- _WORK TO COMPLETE_
Could you give the data below again, exactly and completely?

- _SUPPLIED INFORMATION_
--------------------------------
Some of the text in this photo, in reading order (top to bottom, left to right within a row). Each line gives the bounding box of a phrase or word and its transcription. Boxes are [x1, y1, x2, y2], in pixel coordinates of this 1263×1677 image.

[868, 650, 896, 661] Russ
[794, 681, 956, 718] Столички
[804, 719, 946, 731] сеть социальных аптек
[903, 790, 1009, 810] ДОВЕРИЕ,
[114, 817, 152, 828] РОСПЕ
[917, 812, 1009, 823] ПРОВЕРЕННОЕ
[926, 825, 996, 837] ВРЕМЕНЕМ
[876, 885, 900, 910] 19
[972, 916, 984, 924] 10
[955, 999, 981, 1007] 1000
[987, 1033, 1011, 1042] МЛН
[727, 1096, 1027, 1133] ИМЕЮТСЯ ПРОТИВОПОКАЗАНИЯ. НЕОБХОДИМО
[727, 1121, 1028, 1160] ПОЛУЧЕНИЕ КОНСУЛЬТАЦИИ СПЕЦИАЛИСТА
--------------------------------
- _TASK RESPONSE_
Some of the text in this photo, in reading order (top to bottom, left to right within a row). Each line gives the bounding box of a phrase or word and its transcription. Boxes are [x1, y1, x2, y2], in pixel coordinates of this 1263×1677 image.

[868, 650, 896, 661] Russ
[794, 681, 956, 718] Столички
[804, 719, 946, 731] сеть социальных аптек
[903, 790, 1009, 810] ДОВЕРИЕ,
[114, 817, 152, 828] РОСПЕ
[917, 812, 1009, 823] ПРОВЕРЕННОЕ
[926, 825, 996, 837] ВРЕМЕНЕМ
[876, 885, 900, 910] 19
[972, 916, 984, 924] 10
[955, 999, 981, 1007] 1000
[987, 1033, 1011, 1042] МЛН
[727, 1096, 1027, 1133] ИМЕЮТСЯ ПРОТИВОПОКАЗАНИЯ. НЕОБХОДИМО
[727, 1121, 1028, 1160] ПОЛУЧЕНИЕ КОНСУЛЬТАЦИИ СПЕЦИАЛИСТА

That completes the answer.